Ich hatte es mich dann aber doch nicht getraut, obwohl es sicher eine Mordsgaudi gewesen wäre. Aber sowas macht man nicht!
In der Bauszene gibt es den Architekten Konrad Fischer, der sich häufiger mal als versierter Experte für Fassadendämmung ausgibt. Mit Aussagen, die sich für Laien im ersten Moment recht plausibel anhören können, wendet er sich gern an ahnungslose Redakteure. Da diese heutzutage nahezu alle unter Zeitdruck und Dauerstress stehen, mogelt er sich so in Fernsehsendungen und Zeitungsartikel hinein. Konrad Fischer traut sich das, obwohl man sowas nicht tun sollte.

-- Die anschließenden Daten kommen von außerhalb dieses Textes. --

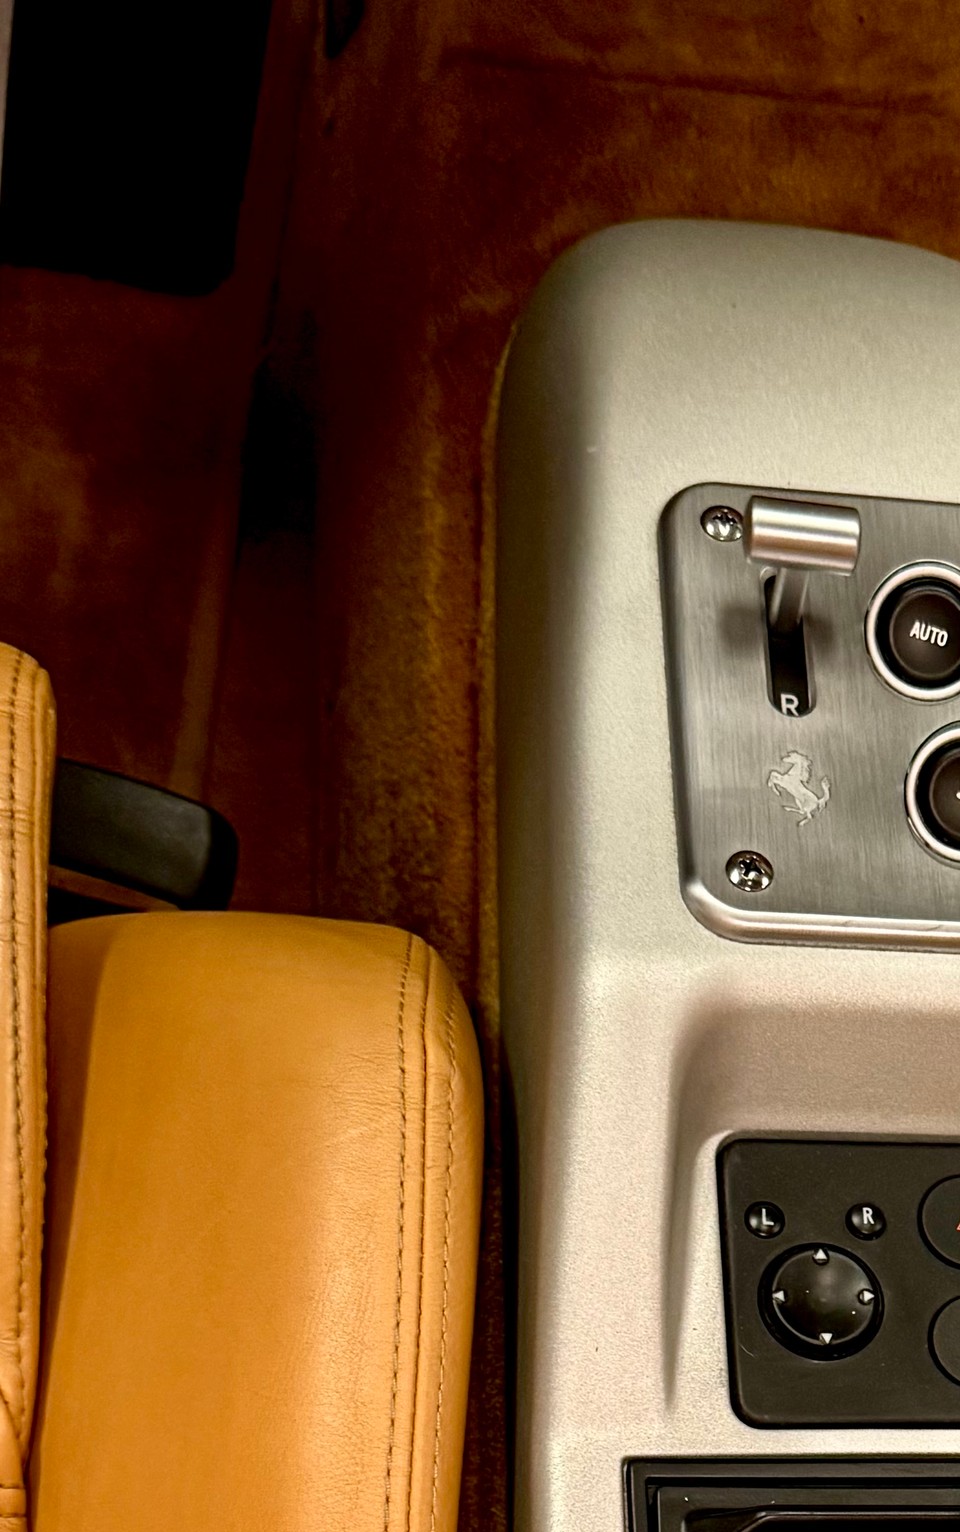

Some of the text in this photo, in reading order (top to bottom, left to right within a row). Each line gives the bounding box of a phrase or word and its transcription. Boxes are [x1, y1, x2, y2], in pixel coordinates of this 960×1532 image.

[909, 621, 948, 647] AUTO
[780, 694, 799, 716] R
[761, 1208, 775, 1226] L
[862, 1207, 875, 1226] R

Nun freute sich am 13. Mai auch die Frankfurter Allgemeine Sonntagszeitung in einem Artikel mit der Überschrift "Stoppt den Dämmwahn", dass auch sie ein Exklusiv-Zitat von Herrn Fischer aus seinem Fundus des Pauschalgemeckeres gegen die Hersteller von Dämmplatten abdrucken konnte: "An dem Klimbim der Dämmstoffindustrie stimmt praktisch überhaupt nichts", diktierte Fischer dem Redakteur in den Notizblock, der das auch prompt genau so in das ansonsten seriöse Blatt hievte.
Dass so ein Satz eventuell gar eine Spur unsachlich sein könnte, darauf kam FAZ-Redakteur Georg Meck offenbar nicht. Denn jemand wie Fischer, der es (Zitat) "durch Funk und Fernsehen zu einiger Berühmtheit als Kämpfer gegen den Dämmwahn gebracht hat", wird ja wohl kein dummes Zeug erzählen. Sorry, FAZ, vielleicht tut er das doch! Da hast Du Dir aber ein ganz dickes Eigentor geschossen.

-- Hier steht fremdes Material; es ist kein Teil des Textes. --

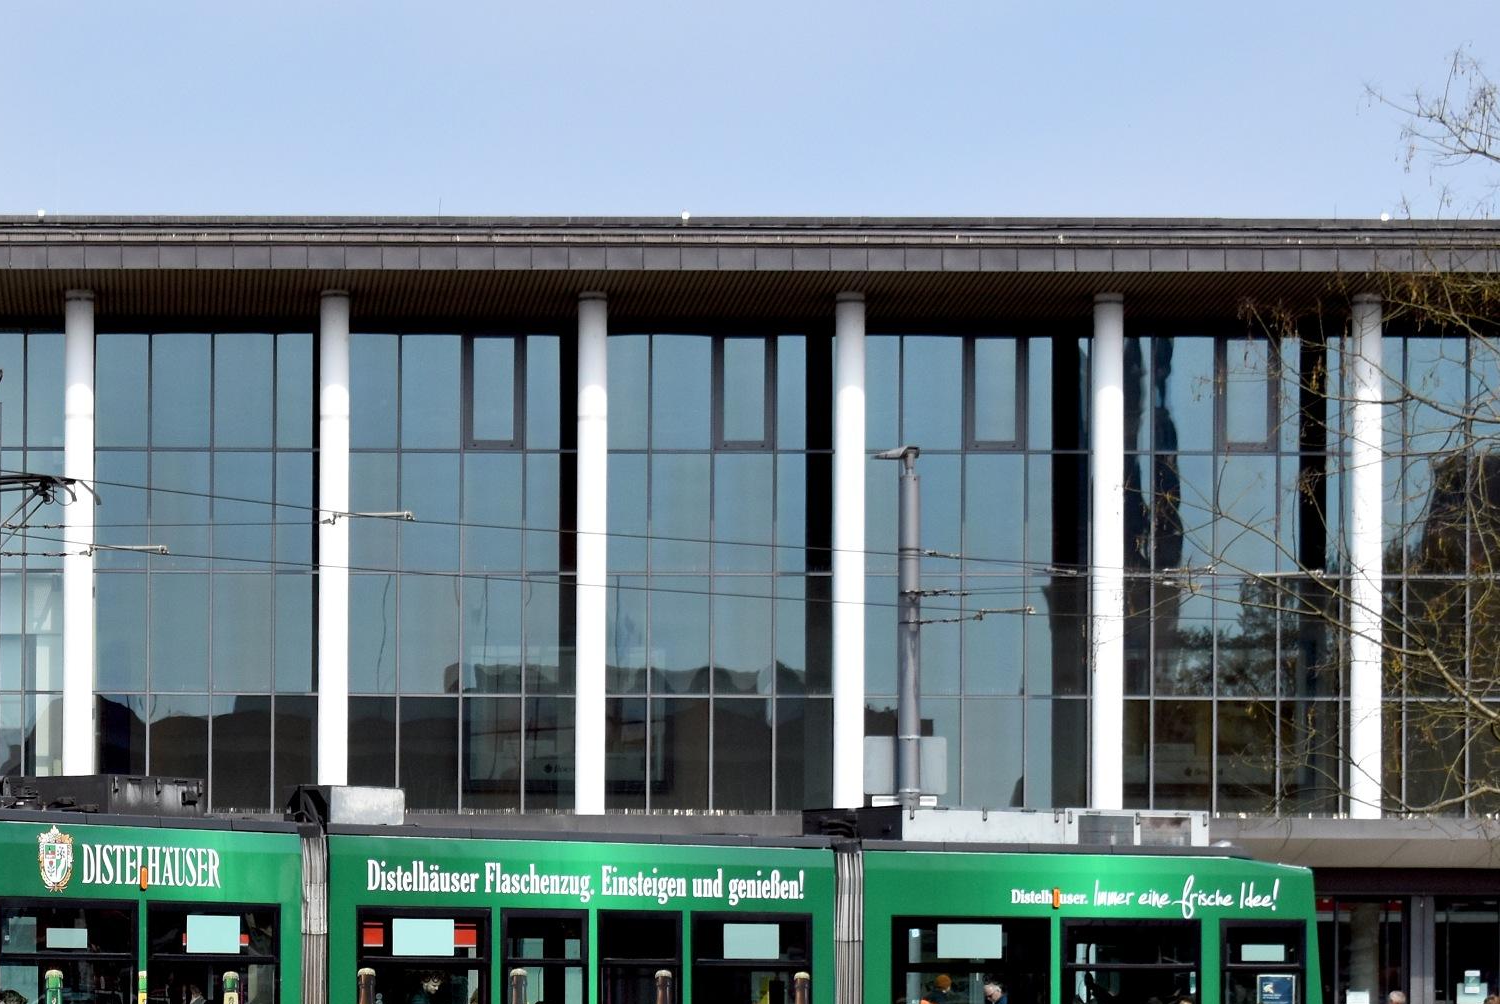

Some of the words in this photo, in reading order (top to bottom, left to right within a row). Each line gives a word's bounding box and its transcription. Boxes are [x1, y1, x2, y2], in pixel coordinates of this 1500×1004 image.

[81, 843, 221, 888] DISTELHÄUSER
[366, 859, 480, 894] Distelhäuser
[484, 862, 595, 903] Flaschenzug.
[601, 865, 687, 905] Einsteigen
[692, 868, 723, 899] und
[728, 870, 805, 906] genießen!
[1011, 889, 1088, 905] Distelhuser.
[1093, 880, 1135, 907] Immer
[1137, 888, 1171, 907] eine
[1171, 874, 1233, 919] frische
[1239, 878, 1279, 912] Idee!

Mensch Meck, Sie wissen doch: Heute kommt praktisch jeder ins Fernsehen, der Quote bringt. Ich selbst trete immer weniger vor Fernsehkameras, weil ich inzwischen zu spüren meine, dass der Quotendruck so hoch geworden ist, dass manche Fernsehredakteure zwischenzeitlich auch den Experten gerne mal ein "Skandalzitat" in den Mund legen möchten.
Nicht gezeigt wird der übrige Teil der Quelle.